At the AWS re:Invent 2018 in Vegas, Amazon unveiled AWS Security Hub for the first time to the public as a solution to:
Ensure an AWS infrastructure meets compliance requirements
Handle multiple formats of findings from various security tools
Manage a large volume of alerts and the ability to prioritize them,
Provide a single pane of glass across security and compliance tools
With AWS Security Hub, customers will have a comprehensive view of their high-priority security alerts and compliance status across AWS accounts. Dan Plastina, vice president for External Security Services at AWS, said in a press release:
By using AWS Security Hub, customers can centrally organize, aggregate, and prioritize their security alerts, or findings, from multiple AWS services, such as Amazon GuardDuty, Amazon Inspector, Amazon Macie, and an extensive growing list of AWS Partner Network (APN) solutions.
Furthermore, any findings are visually summarized on integrated dashboards with actionable graphs and tables. Also, customers can continuously monitor their environment using automated compliance checks based on the AWS best practices and industry standards they follow.
When enabling AWS Security Hub, permissions are automatically created via IAM service-linked roles, and the automated compliance checks start straight away for the AWS infrastructure. Currently, the first compliance available for the service is the Center for Internet Security (CIS) AWS Foundations Benchmark with more to follow later this year. Next, the results of the compliance checks are findings – each telling the user, the severity of the issue, which system reported it, which resources it affects, and various other metadata.
Subsequently, a user can group findings into insights using aggregation statements and filters.
With the GA release of AWS Security Hub together with the simultaneous GA release of AWS Control Tower, Amazon aims to simplify setting up, securing and monitoring AWS cloud environments for corporate customers. The public cloud provider is looking to bounce away from similar services on other cloud platforms such as Microsoft’s Azure Security Center and the Google Cloud Security Command Center. Furthermore, next to pricing, issues like ease of deployment and security are among the most common concerns for companies when they want to put more workloads in the cloud.

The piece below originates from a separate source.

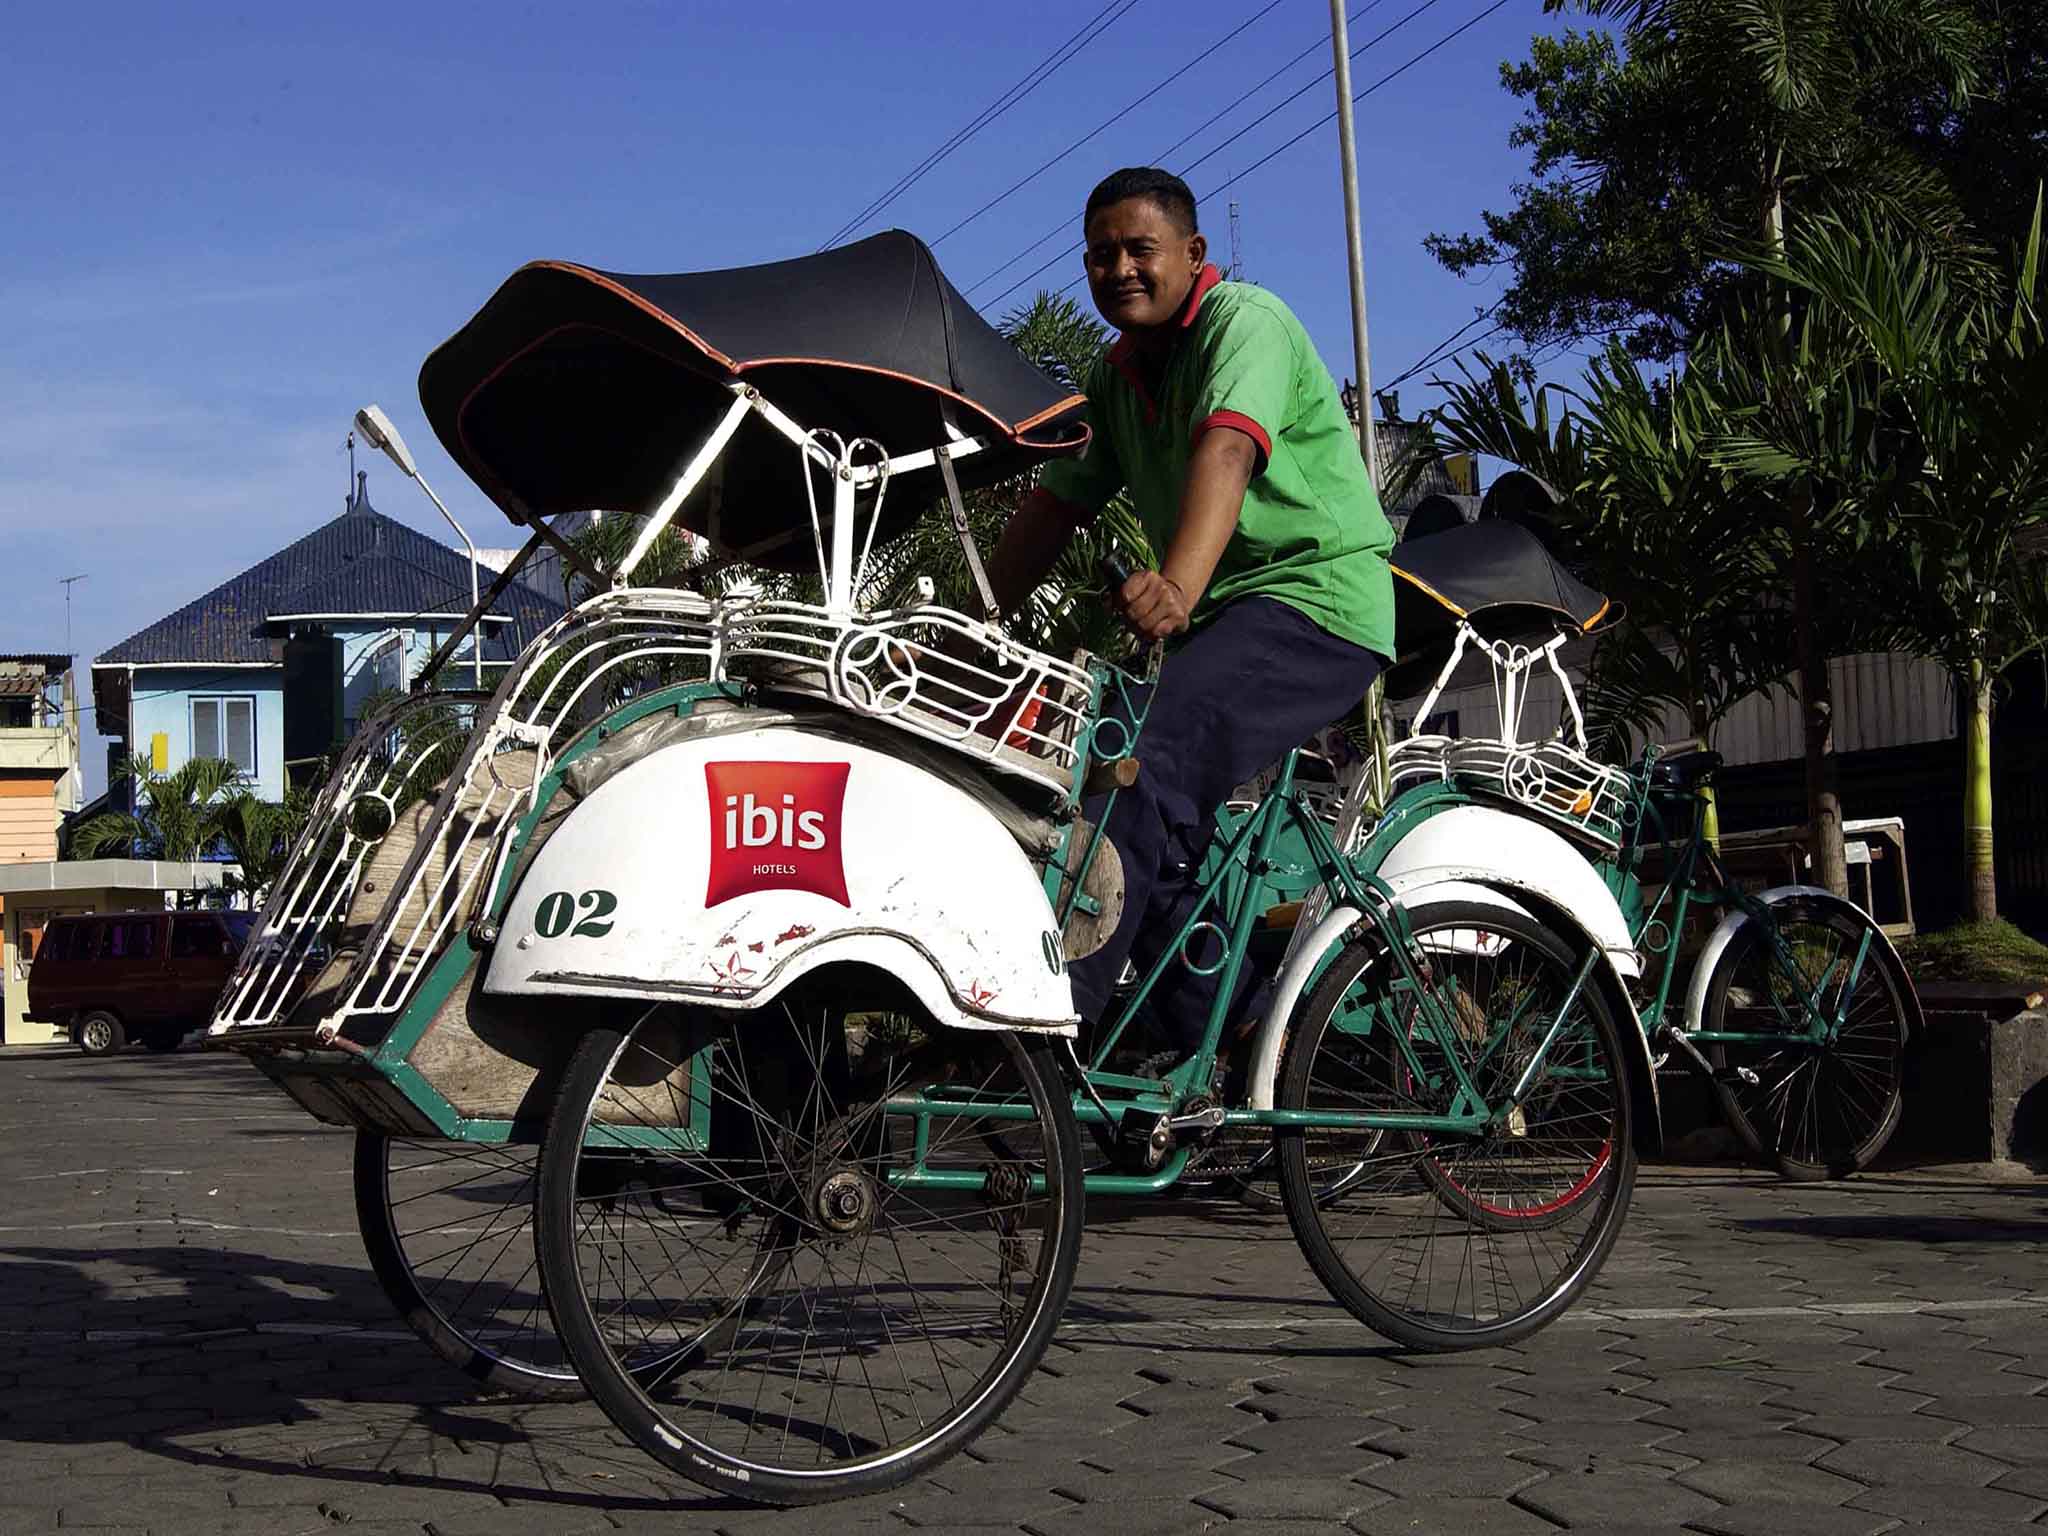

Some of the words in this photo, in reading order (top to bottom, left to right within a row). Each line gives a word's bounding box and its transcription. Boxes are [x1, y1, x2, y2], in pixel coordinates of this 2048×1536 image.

AWS Security Hub is currently available in the:
America regions – US East (Ohio), US East (N. Virginia), US West (N. California), US West (Oregon), Canada (Central) and South America (Sao Paulo).
Asia Pacific regions – Asia Pacific (Mumbai), Asia Pacific (Seoul), Asia Pacific (Singapore), Asia Pacific (Sydney), and Asia Pacific (Tokyo).
Europe regions – Europe (Frankfurt), Europe (Ireland), Europe (London), and Europe (Paris).
Furthermore, Amazon will be adding more regions soon.
Lastly, there are upfront commitments required to use AWS Security Hub, and customers will pay only for the compliance checks performed and security findings ingested – with no charge for the first 10,000 security finding events each month. The pricing details for AWS Security Hub are available on the pricing page.